Organismos alertan que sin medidas urgentes, el sida seguirá siendo una amenaza en 2030
Río de Janeiro, 27 jul (EFE).- La lucha mundial contra el sida enfrenta un momento crítico y la meta de erradicar la enfermedad en 2030 solo será posible con compromiso político, aumento de la financiación y acceso universal a los tratamientos, advirtieron este lunes líderes de organismos internacionales en Río de Janeiro, durante la apertura de la XXVI Conferencia Internacional sobre el Sida.
La directora ejecutiva de la Agencia de la ONU contra el sida (Onusida), Winnie Byanyima, afirmó que la posibilidad de que se garantice que todas las personas puedan acceder a los tratamientos "no es un sueño, sino una decisión política".
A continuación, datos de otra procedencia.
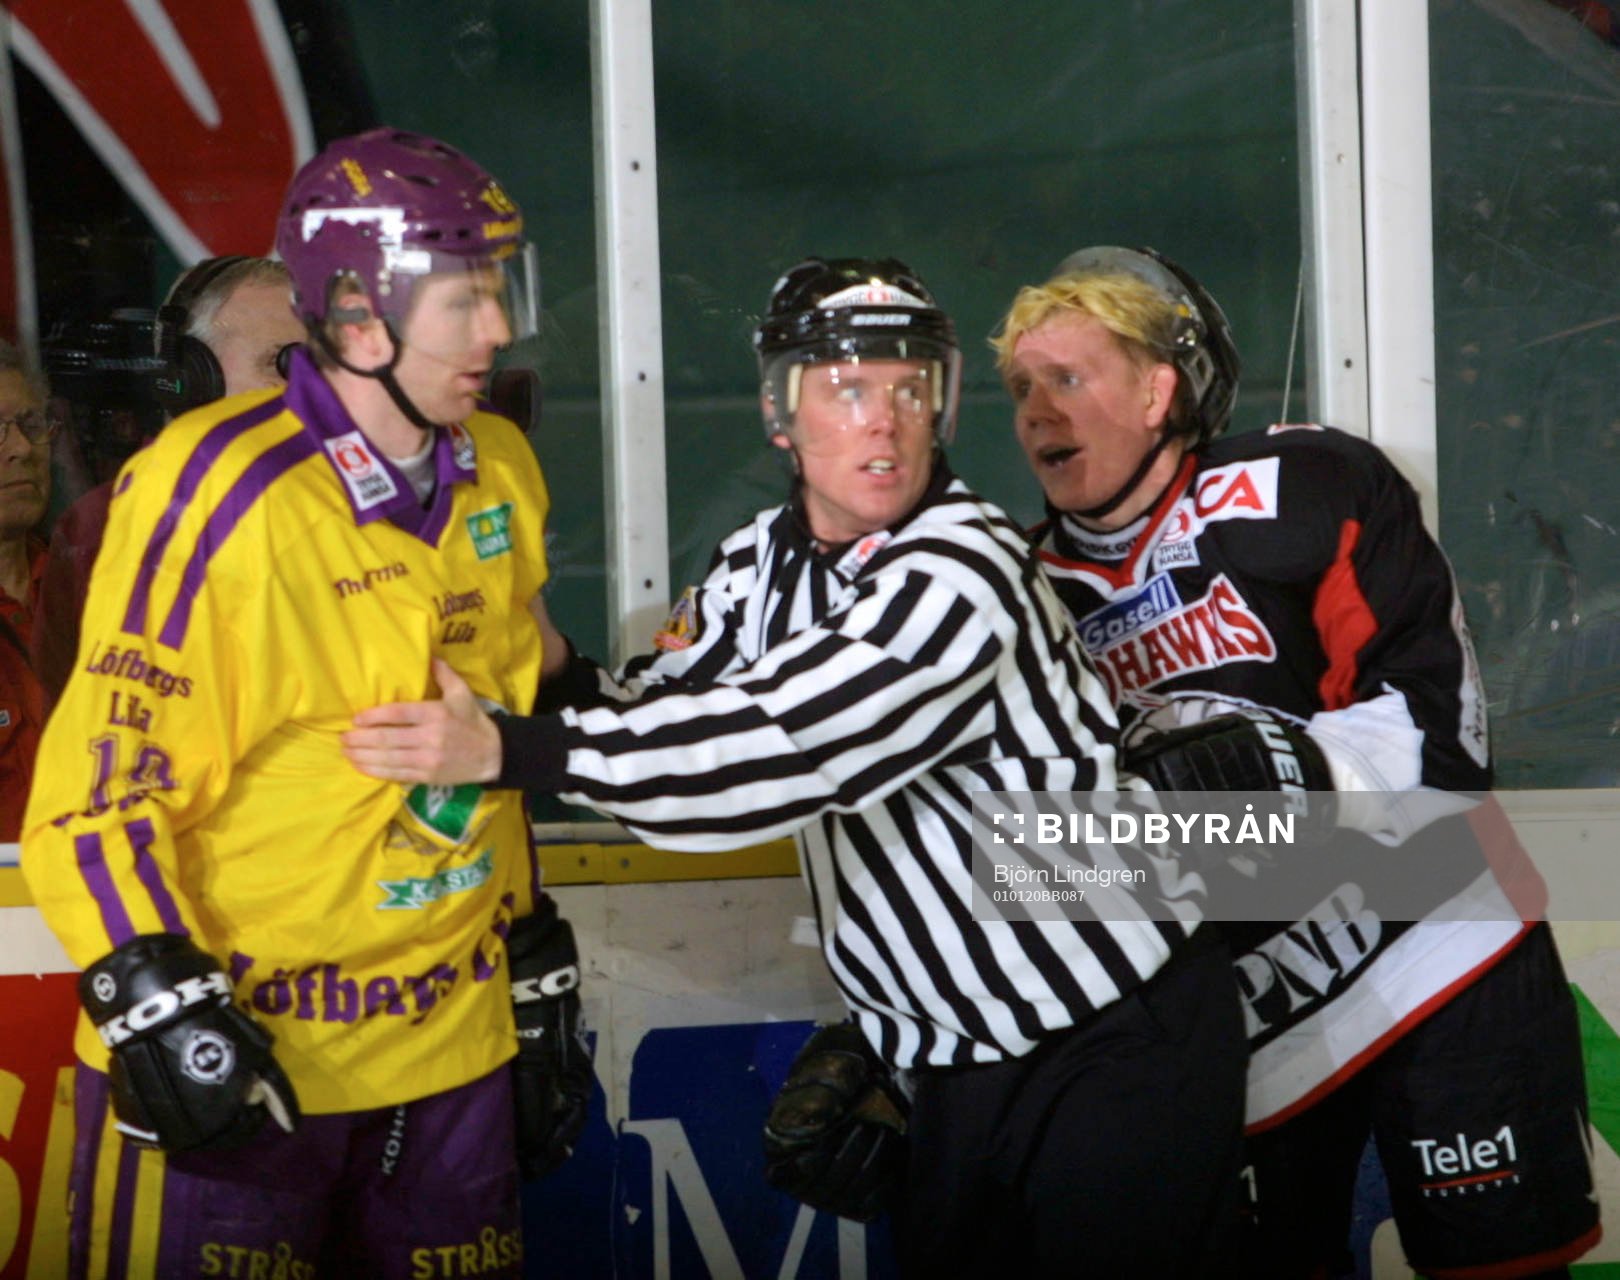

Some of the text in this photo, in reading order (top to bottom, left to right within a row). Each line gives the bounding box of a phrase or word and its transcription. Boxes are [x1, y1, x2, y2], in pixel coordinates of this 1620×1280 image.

[1158, 551, 1196, 566] HANSA
[1083, 573, 1171, 645] Gasell
[1411, 1125, 1517, 1177] Tele1
Sin embargo, la angoleña fue enfática al señalar que los avances alcanzados en estos 30 años están siendo amenazados por el aumento de las desigualdades y la reducción de la financiación internacional.
En este sentido, el director general de la Organización Mundial de la Salud (OMS), Tedros Adhanom Ghebreyesus, sostuvo que el objetivo de acabar con el sida en 2030 "todavía es posible", pero afirmó que requerirá replantear la prestación de los servicios de salud, fortalecer las organizaciones comunitarias y garantizar que los avances científicos lleguen a todas las personas "y no solo a quienes pueden pagarlos".
Según la presidenta de la Sociedad Internacional del Sida (IAS, por sus siglas en inglés), la brasileña Beatriz Grinsztejn, unos nueve millones de personas aún no tienen acceso al tratamiento contra el VIH, lo que, a su juicio, evidencia la necesidad de acelerar los esfuerzos para cerrar las brechas de atención.
Para, el director de la Organización Panamericana de la Salud (OPS), Jarbas Barbosa, el éxito de lograr ese objetivo dependerá del compromiso de los líderes políticos, el sector privado y la sociedad civil, y advirtió de que ningún país podrá alcanzar por sí solo el objetivo de poner fin a la epidemia.
También alertó de que varios países del Caribe financian más del 90 % de sus programas de VIH con recursos externos, una dependencia que los hace especialmente vulnerables a los recortes de la cooperación internacional.
Según un informe divulgado este lunes por Onusida en el marco de la conferencia, los fondos para los países en desarrollo cayeron un 6 % el pasado año, hasta los 17.600 millones de dólares.
En 2025, se registraron más de 1,2 millones de nuevas infecciones por VIH y más de 570.000 muertes por enfermedades relacionadas con el SIDA, sin que el mundo alcanzara los objetivos globales.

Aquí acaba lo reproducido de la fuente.